DATA FOR ANALYSIS =>
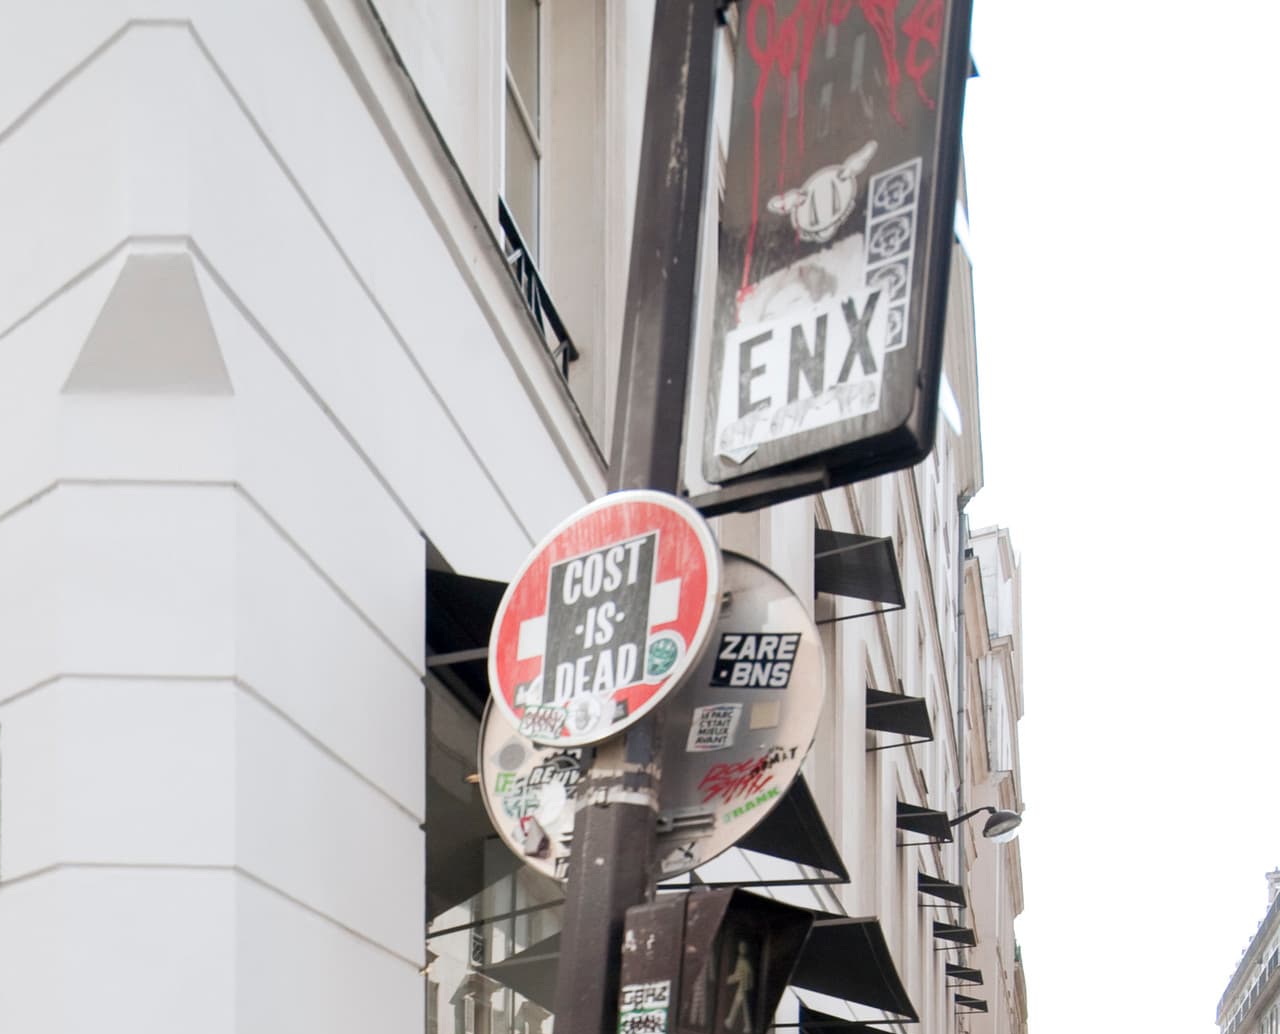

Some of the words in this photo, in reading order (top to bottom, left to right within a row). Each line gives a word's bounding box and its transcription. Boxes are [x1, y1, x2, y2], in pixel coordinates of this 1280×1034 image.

[562, 537, 648, 606] COST
[554, 642, 638, 703] DEAD
[720, 634, 800, 662] ZARE
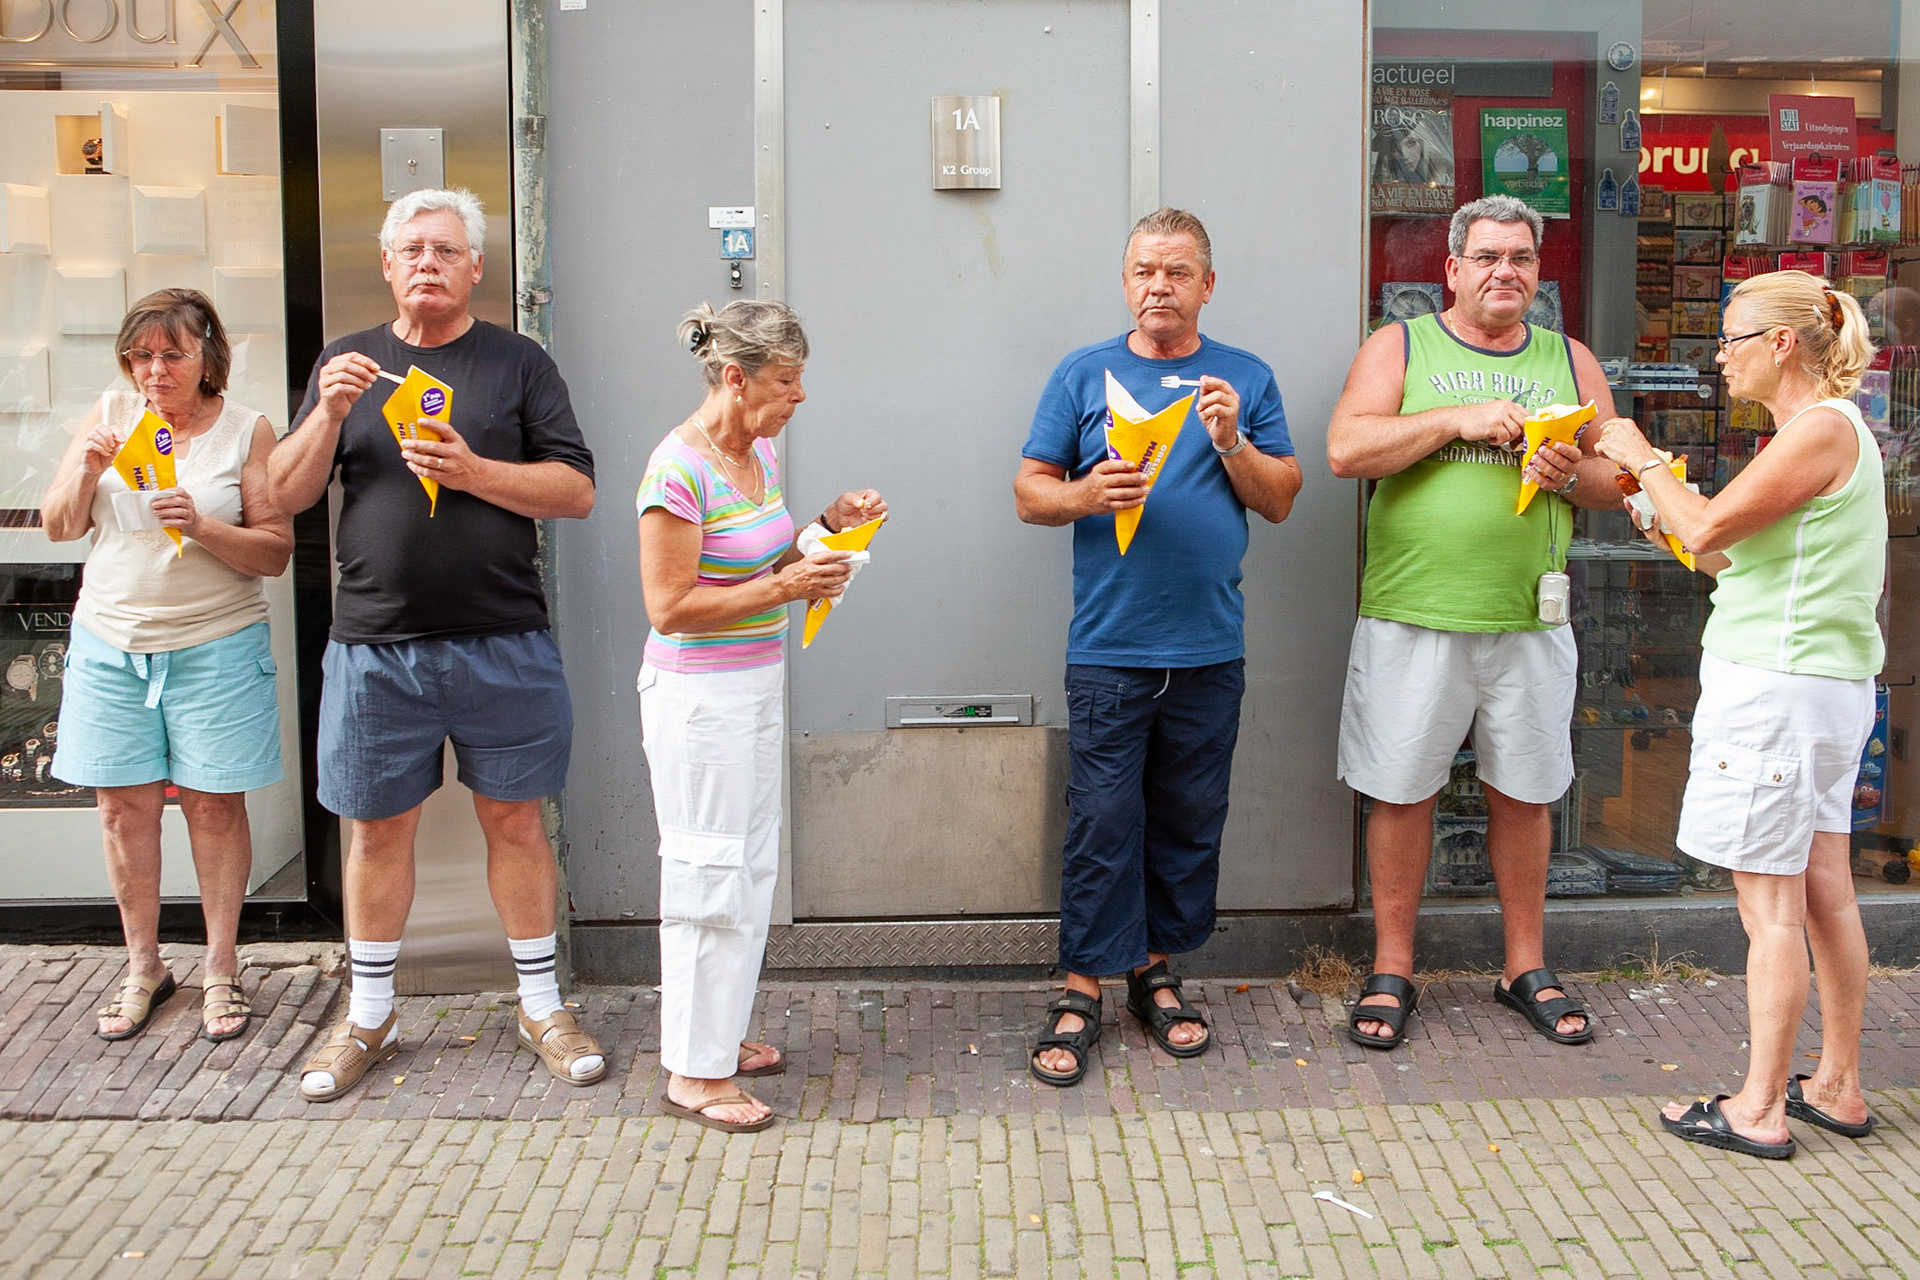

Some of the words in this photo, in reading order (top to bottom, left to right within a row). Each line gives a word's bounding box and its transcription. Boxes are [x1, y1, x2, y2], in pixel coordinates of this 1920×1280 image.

WHAT YOU HAVE TO DO =>
Give the entries above again, exactly as written and free of images.

PROBLEM SOLUTION =>
Some of the words in this photo, in reading order (top to bottom, left to right within a row). Each line gives a word's bounding box and its transcription. Boxes are [x1, y1, x2, y2], in pixel coordinates of this 1280×1034 image.

[562, 537, 648, 606] COST
[554, 642, 638, 703] DEAD
[720, 634, 800, 662] ZARE

Some of the words in this photo, in reading order (top to bottom, left to right within a row). Each line gives a word's bounding box and its transcription. Boxes are [x1, y1, x2, y2], in pixel coordinates of this 1920×1280 image.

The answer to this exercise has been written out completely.